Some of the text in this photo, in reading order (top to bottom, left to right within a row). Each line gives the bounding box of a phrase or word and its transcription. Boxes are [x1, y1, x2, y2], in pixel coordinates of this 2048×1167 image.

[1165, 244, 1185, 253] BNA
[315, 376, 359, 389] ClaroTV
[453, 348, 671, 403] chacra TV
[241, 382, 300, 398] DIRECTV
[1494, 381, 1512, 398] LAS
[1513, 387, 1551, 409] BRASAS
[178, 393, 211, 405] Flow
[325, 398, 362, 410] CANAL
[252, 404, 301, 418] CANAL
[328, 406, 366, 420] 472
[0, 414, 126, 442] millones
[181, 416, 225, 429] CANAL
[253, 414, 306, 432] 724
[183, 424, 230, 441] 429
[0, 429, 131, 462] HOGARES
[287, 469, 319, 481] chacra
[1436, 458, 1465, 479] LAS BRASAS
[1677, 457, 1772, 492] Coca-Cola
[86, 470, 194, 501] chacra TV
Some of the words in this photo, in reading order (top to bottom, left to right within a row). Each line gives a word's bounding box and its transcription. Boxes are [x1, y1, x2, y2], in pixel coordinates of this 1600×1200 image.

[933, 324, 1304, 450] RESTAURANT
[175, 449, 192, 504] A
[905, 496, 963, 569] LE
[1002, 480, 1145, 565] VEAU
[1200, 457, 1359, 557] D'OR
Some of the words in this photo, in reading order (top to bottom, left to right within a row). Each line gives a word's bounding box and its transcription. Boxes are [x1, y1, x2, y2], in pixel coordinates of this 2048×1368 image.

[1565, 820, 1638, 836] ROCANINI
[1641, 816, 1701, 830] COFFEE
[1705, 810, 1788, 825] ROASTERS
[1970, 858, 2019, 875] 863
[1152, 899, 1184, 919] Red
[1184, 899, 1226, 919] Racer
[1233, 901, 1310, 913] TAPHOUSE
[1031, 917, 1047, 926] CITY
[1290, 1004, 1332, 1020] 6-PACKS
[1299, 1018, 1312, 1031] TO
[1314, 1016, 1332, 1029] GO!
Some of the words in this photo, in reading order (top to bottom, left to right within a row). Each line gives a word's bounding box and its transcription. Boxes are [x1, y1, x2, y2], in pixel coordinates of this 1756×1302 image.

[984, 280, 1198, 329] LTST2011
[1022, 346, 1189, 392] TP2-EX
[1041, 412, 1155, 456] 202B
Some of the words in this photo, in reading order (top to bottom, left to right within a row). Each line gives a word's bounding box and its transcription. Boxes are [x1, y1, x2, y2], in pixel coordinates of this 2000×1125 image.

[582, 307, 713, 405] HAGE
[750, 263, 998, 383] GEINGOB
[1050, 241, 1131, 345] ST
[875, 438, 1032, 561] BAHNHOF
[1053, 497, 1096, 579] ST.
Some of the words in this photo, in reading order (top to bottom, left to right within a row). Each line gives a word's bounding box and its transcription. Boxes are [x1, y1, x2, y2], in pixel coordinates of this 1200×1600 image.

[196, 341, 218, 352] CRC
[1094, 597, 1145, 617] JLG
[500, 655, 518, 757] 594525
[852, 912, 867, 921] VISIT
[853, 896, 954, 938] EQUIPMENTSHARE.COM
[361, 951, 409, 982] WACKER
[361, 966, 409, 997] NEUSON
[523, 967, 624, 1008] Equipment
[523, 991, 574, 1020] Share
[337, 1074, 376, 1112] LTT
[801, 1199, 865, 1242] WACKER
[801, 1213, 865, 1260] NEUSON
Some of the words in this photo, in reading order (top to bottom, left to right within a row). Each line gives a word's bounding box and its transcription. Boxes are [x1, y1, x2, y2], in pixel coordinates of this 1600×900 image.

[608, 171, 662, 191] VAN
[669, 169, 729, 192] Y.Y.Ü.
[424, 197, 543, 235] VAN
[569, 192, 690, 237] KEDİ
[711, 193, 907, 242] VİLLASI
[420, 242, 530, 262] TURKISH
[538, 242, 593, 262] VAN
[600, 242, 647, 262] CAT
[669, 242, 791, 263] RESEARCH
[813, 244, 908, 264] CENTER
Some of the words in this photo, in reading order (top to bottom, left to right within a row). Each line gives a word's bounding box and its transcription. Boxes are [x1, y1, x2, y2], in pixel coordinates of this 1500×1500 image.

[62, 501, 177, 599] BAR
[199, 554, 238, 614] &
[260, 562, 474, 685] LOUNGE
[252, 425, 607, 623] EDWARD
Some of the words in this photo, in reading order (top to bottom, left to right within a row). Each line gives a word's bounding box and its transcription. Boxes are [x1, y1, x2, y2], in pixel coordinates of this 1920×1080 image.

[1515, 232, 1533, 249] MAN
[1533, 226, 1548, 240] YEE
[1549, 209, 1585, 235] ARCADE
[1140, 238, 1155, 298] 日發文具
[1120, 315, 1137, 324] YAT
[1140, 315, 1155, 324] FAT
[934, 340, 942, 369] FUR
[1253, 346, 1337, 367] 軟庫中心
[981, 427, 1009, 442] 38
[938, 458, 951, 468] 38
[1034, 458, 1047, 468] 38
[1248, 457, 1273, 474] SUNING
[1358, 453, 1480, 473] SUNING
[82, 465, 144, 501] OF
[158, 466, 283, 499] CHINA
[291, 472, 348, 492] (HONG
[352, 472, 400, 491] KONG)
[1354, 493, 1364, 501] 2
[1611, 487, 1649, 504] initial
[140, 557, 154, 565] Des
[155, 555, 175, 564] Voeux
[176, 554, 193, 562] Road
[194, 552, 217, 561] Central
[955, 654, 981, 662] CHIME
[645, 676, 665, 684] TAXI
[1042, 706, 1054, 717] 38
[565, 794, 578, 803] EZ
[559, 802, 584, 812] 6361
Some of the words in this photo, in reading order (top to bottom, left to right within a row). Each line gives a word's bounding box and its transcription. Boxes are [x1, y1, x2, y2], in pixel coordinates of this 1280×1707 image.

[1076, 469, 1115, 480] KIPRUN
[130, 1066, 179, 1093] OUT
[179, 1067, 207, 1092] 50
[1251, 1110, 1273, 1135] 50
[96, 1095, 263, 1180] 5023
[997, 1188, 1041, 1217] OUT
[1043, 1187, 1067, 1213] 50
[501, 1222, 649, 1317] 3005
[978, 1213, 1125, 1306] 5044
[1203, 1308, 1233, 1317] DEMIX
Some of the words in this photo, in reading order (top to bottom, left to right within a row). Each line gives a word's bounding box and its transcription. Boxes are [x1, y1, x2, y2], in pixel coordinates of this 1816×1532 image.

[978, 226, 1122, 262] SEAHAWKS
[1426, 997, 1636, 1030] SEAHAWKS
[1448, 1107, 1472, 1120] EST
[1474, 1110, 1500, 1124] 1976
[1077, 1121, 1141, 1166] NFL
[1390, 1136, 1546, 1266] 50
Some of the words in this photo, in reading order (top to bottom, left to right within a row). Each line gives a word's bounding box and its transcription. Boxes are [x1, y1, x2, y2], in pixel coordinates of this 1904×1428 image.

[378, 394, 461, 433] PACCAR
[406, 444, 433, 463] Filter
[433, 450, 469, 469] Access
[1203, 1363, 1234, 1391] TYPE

○ ○ ○ ○

**PROBLEM DESCRIPTION**. The full set of entries above needs to be restated word for word.

**SOLUTION**.
Some of the text in this photo, in reading order (top to bottom, left to right within a row). Each line gives the bounding box of a phrase or word and its transcription. Boxes are [x1, y1, x2, y2], in pixel coordinates of this 2048×1167 image.

[1165, 244, 1185, 253] BNA
[315, 376, 359, 389] ClaroTV
[453, 348, 671, 403] chacra TV
[241, 382, 300, 398] DIRECTV
[1494, 381, 1512, 398] LAS
[1513, 387, 1551, 409] BRASAS
[178, 393, 211, 405] Flow
[325, 398, 362, 410] CANAL
[252, 404, 301, 418] CANAL
[328, 406, 366, 420] 472
[0, 414, 126, 442] millones
[181, 416, 225, 429] CANAL
[253, 414, 306, 432] 724
[183, 424, 230, 441] 429
[0, 429, 131, 462] HOGARES
[287, 469, 319, 481] chacra
[1436, 458, 1465, 479] LAS BRASAS
[1677, 457, 1772, 492] Coca-Cola
[86, 470, 194, 501] chacra TV
Some of the words in this photo, in reading order (top to bottom, left to right within a row). Each line gives a word's bounding box and its transcription. Boxes are [x1, y1, x2, y2], in pixel coordinates of this 1600×1200 image.

[933, 324, 1304, 450] RESTAURANT
[175, 449, 192, 504] A
[905, 496, 963, 569] LE
[1002, 480, 1145, 565] VEAU
[1200, 457, 1359, 557] D'OR
Some of the words in this photo, in reading order (top to bottom, left to right within a row). Each line gives a word's bounding box and its transcription. Boxes are [x1, y1, x2, y2], in pixel coordinates of this 2048×1368 image.

[1565, 820, 1638, 836] ROCANINI
[1641, 816, 1701, 830] COFFEE
[1705, 810, 1788, 825] ROASTERS
[1970, 858, 2019, 875] 863
[1152, 899, 1184, 919] Red
[1184, 899, 1226, 919] Racer
[1233, 901, 1310, 913] TAPHOUSE
[1031, 917, 1047, 926] CITY
[1290, 1004, 1332, 1020] 6-PACKS
[1299, 1018, 1312, 1031] TO
[1314, 1016, 1332, 1029] GO!
Some of the words in this photo, in reading order (top to bottom, left to right within a row). Each line gives a word's bounding box and its transcription. Boxes are [x1, y1, x2, y2], in pixel coordinates of this 1756×1302 image.

[984, 280, 1198, 329] LTST2011
[1022, 346, 1189, 392] TP2-EX
[1041, 412, 1155, 456] 202B
Some of the words in this photo, in reading order (top to bottom, left to right within a row). Each line gives a word's bounding box and its transcription. Boxes are [x1, y1, x2, y2], in pixel coordinates of this 2000×1125 image.

[582, 307, 713, 405] HAGE
[750, 263, 998, 383] GEINGOB
[1050, 241, 1131, 345] ST
[875, 438, 1032, 561] BAHNHOF
[1053, 497, 1096, 579] ST.
Some of the words in this photo, in reading order (top to bottom, left to right within a row). Each line gives a word's bounding box and its transcription. Boxes are [x1, y1, x2, y2], in pixel coordinates of this 1200×1600 image.

[196, 341, 218, 352] CRC
[1094, 597, 1145, 617] JLG
[500, 655, 518, 757] 594525
[852, 912, 867, 921] VISIT
[853, 896, 954, 938] EQUIPMENTSHARE.COM
[361, 951, 409, 982] WACKER
[361, 966, 409, 997] NEUSON
[523, 967, 624, 1008] Equipment
[523, 991, 574, 1020] Share
[337, 1074, 376, 1112] LTT
[801, 1199, 865, 1242] WACKER
[801, 1213, 865, 1260] NEUSON
Some of the words in this photo, in reading order (top to bottom, left to right within a row). Each line gives a word's bounding box and its transcription. Boxes are [x1, y1, x2, y2], in pixel coordinates of this 1600×900 image.

[608, 171, 662, 191] VAN
[669, 169, 729, 192] Y.Y.Ü.
[424, 197, 543, 235] VAN
[569, 192, 690, 237] KEDİ
[711, 193, 907, 242] VİLLASI
[420, 242, 530, 262] TURKISH
[538, 242, 593, 262] VAN
[600, 242, 647, 262] CAT
[669, 242, 791, 263] RESEARCH
[813, 244, 908, 264] CENTER
Some of the words in this photo, in reading order (top to bottom, left to right within a row). Each line gives a word's bounding box and its transcription. Boxes are [x1, y1, x2, y2], in pixel coordinates of this 1500×1500 image.

[62, 501, 177, 599] BAR
[199, 554, 238, 614] &
[260, 562, 474, 685] LOUNGE
[252, 425, 607, 623] EDWARD
Some of the words in this photo, in reading order (top to bottom, left to right within a row). Each line gives a word's bounding box and its transcription. Boxes are [x1, y1, x2, y2], in pixel coordinates of this 1920×1080 image.

[1515, 232, 1533, 249] MAN
[1533, 226, 1548, 240] YEE
[1549, 209, 1585, 235] ARCADE
[1140, 238, 1155, 298] 日發文具
[1120, 315, 1137, 324] YAT
[1140, 315, 1155, 324] FAT
[934, 340, 942, 369] FUR
[1253, 346, 1337, 367] 軟庫中心
[981, 427, 1009, 442] 38
[938, 458, 951, 468] 38
[1034, 458, 1047, 468] 38
[1248, 457, 1273, 474] SUNING
[1358, 453, 1480, 473] SUNING
[82, 465, 144, 501] OF
[158, 466, 283, 499] CHINA
[291, 472, 348, 492] (HONG
[352, 472, 400, 491] KONG)
[1354, 493, 1364, 501] 2
[1611, 487, 1649, 504] initial
[140, 557, 154, 565] Des
[155, 555, 175, 564] Voeux
[176, 554, 193, 562] Road
[194, 552, 217, 561] Central
[955, 654, 981, 662] CHIME
[645, 676, 665, 684] TAXI
[1042, 706, 1054, 717] 38
[565, 794, 578, 803] EZ
[559, 802, 584, 812] 6361
Some of the words in this photo, in reading order (top to bottom, left to right within a row). Each line gives a word's bounding box and its transcription. Boxes are [x1, y1, x2, y2], in pixel coordinates of this 1280×1707 image.

[1076, 469, 1115, 480] KIPRUN
[130, 1066, 179, 1093] OUT
[179, 1067, 207, 1092] 50
[1251, 1110, 1273, 1135] 50
[96, 1095, 263, 1180] 5023
[997, 1188, 1041, 1217] OUT
[1043, 1187, 1067, 1213] 50
[501, 1222, 649, 1317] 3005
[978, 1213, 1125, 1306] 5044
[1203, 1308, 1233, 1317] DEMIX
Some of the words in this photo, in reading order (top to bottom, left to right within a row). Each line gives a word's bounding box and its transcription. Boxes are [x1, y1, x2, y2], in pixel coordinates of this 1816×1532 image.

[978, 226, 1122, 262] SEAHAWKS
[1426, 997, 1636, 1030] SEAHAWKS
[1448, 1107, 1472, 1120] EST
[1474, 1110, 1500, 1124] 1976
[1077, 1121, 1141, 1166] NFL
[1390, 1136, 1546, 1266] 50
Some of the words in this photo, in reading order (top to bottom, left to right within a row). Each line gives a word's bounding box and its transcription. Boxes are [x1, y1, x2, y2], in pixel coordinates of this 1904×1428 image.

[378, 394, 461, 433] PACCAR
[406, 444, 433, 463] Filter
[433, 450, 469, 469] Access
[1203, 1363, 1234, 1391] TYPE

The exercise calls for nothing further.